Records for this exercise:
..............................
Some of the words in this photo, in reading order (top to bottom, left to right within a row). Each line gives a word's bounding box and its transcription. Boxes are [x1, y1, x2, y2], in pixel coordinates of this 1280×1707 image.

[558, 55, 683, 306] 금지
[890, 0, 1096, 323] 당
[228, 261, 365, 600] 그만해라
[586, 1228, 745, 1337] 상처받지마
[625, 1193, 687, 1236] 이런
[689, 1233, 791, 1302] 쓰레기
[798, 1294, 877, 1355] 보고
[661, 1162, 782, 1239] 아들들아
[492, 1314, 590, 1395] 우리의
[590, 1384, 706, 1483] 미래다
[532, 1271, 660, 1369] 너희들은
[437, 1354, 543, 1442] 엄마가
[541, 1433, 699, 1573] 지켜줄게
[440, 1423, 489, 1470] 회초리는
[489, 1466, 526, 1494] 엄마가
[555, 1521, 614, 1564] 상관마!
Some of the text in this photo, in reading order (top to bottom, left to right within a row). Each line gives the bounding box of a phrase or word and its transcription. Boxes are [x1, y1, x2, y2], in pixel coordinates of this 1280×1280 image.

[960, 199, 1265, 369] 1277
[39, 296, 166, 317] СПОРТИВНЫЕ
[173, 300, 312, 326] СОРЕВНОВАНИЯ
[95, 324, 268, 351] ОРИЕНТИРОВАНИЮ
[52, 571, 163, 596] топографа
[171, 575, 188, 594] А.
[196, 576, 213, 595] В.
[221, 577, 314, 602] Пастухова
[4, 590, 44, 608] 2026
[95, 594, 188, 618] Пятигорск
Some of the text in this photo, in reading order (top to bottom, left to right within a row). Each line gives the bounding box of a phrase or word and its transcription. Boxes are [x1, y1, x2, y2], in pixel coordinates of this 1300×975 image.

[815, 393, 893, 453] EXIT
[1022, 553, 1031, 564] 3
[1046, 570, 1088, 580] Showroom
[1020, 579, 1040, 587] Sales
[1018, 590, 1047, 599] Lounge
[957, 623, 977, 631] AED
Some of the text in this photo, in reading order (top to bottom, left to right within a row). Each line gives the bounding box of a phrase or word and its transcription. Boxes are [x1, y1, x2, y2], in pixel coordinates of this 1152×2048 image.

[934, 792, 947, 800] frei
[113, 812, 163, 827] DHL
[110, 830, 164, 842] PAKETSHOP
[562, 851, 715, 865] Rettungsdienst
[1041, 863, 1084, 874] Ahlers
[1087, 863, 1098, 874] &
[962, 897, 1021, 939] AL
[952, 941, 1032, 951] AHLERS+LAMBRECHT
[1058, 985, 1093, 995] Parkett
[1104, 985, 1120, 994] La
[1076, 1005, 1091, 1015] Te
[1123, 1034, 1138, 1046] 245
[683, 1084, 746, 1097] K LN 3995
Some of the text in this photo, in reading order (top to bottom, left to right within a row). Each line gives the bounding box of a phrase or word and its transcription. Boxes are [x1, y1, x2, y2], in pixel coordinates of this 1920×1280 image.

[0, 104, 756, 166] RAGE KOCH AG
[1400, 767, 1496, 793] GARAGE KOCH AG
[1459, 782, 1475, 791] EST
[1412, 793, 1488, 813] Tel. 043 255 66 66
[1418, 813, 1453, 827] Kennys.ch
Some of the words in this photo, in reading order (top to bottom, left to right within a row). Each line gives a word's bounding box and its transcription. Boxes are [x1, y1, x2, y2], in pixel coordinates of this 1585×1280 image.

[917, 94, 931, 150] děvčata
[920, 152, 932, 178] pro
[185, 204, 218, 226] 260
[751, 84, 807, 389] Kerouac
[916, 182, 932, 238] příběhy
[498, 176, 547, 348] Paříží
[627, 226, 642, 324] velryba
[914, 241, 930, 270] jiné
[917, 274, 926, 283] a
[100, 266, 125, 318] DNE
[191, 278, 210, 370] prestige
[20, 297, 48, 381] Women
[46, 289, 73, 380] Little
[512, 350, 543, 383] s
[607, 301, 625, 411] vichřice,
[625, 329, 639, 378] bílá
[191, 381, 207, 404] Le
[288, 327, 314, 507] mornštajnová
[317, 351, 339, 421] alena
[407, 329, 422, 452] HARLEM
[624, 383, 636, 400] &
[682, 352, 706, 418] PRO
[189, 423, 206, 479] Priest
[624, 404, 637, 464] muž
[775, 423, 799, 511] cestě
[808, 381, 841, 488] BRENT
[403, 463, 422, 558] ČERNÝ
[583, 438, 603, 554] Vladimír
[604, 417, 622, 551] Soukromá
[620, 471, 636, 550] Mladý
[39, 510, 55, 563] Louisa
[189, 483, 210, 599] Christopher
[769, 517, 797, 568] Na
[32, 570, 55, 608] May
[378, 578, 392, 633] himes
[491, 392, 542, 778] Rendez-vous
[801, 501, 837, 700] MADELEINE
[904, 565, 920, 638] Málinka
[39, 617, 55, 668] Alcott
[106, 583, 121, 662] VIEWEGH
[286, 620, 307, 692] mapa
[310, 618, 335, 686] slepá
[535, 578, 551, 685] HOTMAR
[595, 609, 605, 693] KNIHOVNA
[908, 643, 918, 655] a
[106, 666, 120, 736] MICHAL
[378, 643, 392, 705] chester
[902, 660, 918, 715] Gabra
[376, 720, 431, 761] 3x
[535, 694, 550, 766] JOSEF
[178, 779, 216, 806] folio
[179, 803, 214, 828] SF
..............................
The task:
Word for word, print every line above.

Response to this task:
Some of the words in this photo, in reading order (top to bottom, left to right within a row). Each line gives a word's bounding box and its transcription. Boxes are [x1, y1, x2, y2], in pixel coordinates of this 1280×1707 image.

[558, 55, 683, 306] 금지
[890, 0, 1096, 323] 당
[228, 261, 365, 600] 그만해라
[586, 1228, 745, 1337] 상처받지마
[625, 1193, 687, 1236] 이런
[689, 1233, 791, 1302] 쓰레기
[798, 1294, 877, 1355] 보고
[661, 1162, 782, 1239] 아들들아
[492, 1314, 590, 1395] 우리의
[590, 1384, 706, 1483] 미래다
[532, 1271, 660, 1369] 너희들은
[437, 1354, 543, 1442] 엄마가
[541, 1433, 699, 1573] 지켜줄게
[440, 1423, 489, 1470] 회초리는
[489, 1466, 526, 1494] 엄마가
[555, 1521, 614, 1564] 상관마!
Some of the text in this photo, in reading order (top to bottom, left to right within a row). Each line gives the bounding box of a phrase or word and its transcription. Boxes are [x1, y1, x2, y2], in pixel coordinates of this 1280×1280 image.

[960, 199, 1265, 369] 1277
[39, 296, 166, 317] СПОРТИВНЫЕ
[173, 300, 312, 326] СОРЕВНОВАНИЯ
[95, 324, 268, 351] ОРИЕНТИРОВАНИЮ
[52, 571, 163, 596] топографа
[171, 575, 188, 594] А.
[196, 576, 213, 595] В.
[221, 577, 314, 602] Пастухова
[4, 590, 44, 608] 2026
[95, 594, 188, 618] Пятигорск
Some of the text in this photo, in reading order (top to bottom, left to right within a row). Each line gives the bounding box of a phrase or word and its transcription. Boxes are [x1, y1, x2, y2], in pixel coordinates of this 1300×975 image.

[815, 393, 893, 453] EXIT
[1022, 553, 1031, 564] 3
[1046, 570, 1088, 580] Showroom
[1020, 579, 1040, 587] Sales
[1018, 590, 1047, 599] Lounge
[957, 623, 977, 631] AED
Some of the text in this photo, in reading order (top to bottom, left to right within a row). Each line gives the bounding box of a phrase or word and its transcription. Boxes are [x1, y1, x2, y2], in pixel coordinates of this 1152×2048 image.

[934, 792, 947, 800] frei
[113, 812, 163, 827] DHL
[110, 830, 164, 842] PAKETSHOP
[562, 851, 715, 865] Rettungsdienst
[1041, 863, 1084, 874] Ahlers
[1087, 863, 1098, 874] &
[962, 897, 1021, 939] AL
[952, 941, 1032, 951] AHLERS+LAMBRECHT
[1058, 985, 1093, 995] Parkett
[1104, 985, 1120, 994] La
[1076, 1005, 1091, 1015] Te
[1123, 1034, 1138, 1046] 245
[683, 1084, 746, 1097] K LN 3995
Some of the text in this photo, in reading order (top to bottom, left to right within a row). Each line gives the bounding box of a phrase or word and its transcription. Boxes are [x1, y1, x2, y2], in pixel coordinates of this 1920×1280 image.

[0, 104, 756, 166] RAGE KOCH AG
[1400, 767, 1496, 793] GARAGE KOCH AG
[1459, 782, 1475, 791] EST
[1412, 793, 1488, 813] Tel. 043 255 66 66
[1418, 813, 1453, 827] Kennys.ch
Some of the words in this photo, in reading order (top to bottom, left to right within a row). Each line gives a word's bounding box and its transcription. Boxes are [x1, y1, x2, y2], in pixel coordinates of this 1585×1280 image.

[917, 94, 931, 150] děvčata
[920, 152, 932, 178] pro
[185, 204, 218, 226] 260
[751, 84, 807, 389] Kerouac
[916, 182, 932, 238] příběhy
[498, 176, 547, 348] Paříží
[627, 226, 642, 324] velryba
[914, 241, 930, 270] jiné
[917, 274, 926, 283] a
[100, 266, 125, 318] DNE
[191, 278, 210, 370] prestige
[20, 297, 48, 381] Women
[46, 289, 73, 380] Little
[512, 350, 543, 383] s
[607, 301, 625, 411] vichřice,
[625, 329, 639, 378] bílá
[191, 381, 207, 404] Le
[288, 327, 314, 507] mornštajnová
[317, 351, 339, 421] alena
[407, 329, 422, 452] HARLEM
[624, 383, 636, 400] &
[682, 352, 706, 418] PRO
[189, 423, 206, 479] Priest
[624, 404, 637, 464] muž
[775, 423, 799, 511] cestě
[808, 381, 841, 488] BRENT
[403, 463, 422, 558] ČERNÝ
[583, 438, 603, 554] Vladimír
[604, 417, 622, 551] Soukromá
[620, 471, 636, 550] Mladý
[39, 510, 55, 563] Louisa
[189, 483, 210, 599] Christopher
[769, 517, 797, 568] Na
[32, 570, 55, 608] May
[378, 578, 392, 633] himes
[491, 392, 542, 778] Rendez-vous
[801, 501, 837, 700] MADELEINE
[904, 565, 920, 638] Málinka
[39, 617, 55, 668] Alcott
[106, 583, 121, 662] VIEWEGH
[286, 620, 307, 692] mapa
[310, 618, 335, 686] slepá
[535, 578, 551, 685] HOTMAR
[595, 609, 605, 693] KNIHOVNA
[908, 643, 918, 655] a
[106, 666, 120, 736] MICHAL
[378, 643, 392, 705] chester
[902, 660, 918, 715] Gabra
[376, 720, 431, 761] 3x
[535, 694, 550, 766] JOSEF
[178, 779, 216, 806] folio
[179, 803, 214, 828] SF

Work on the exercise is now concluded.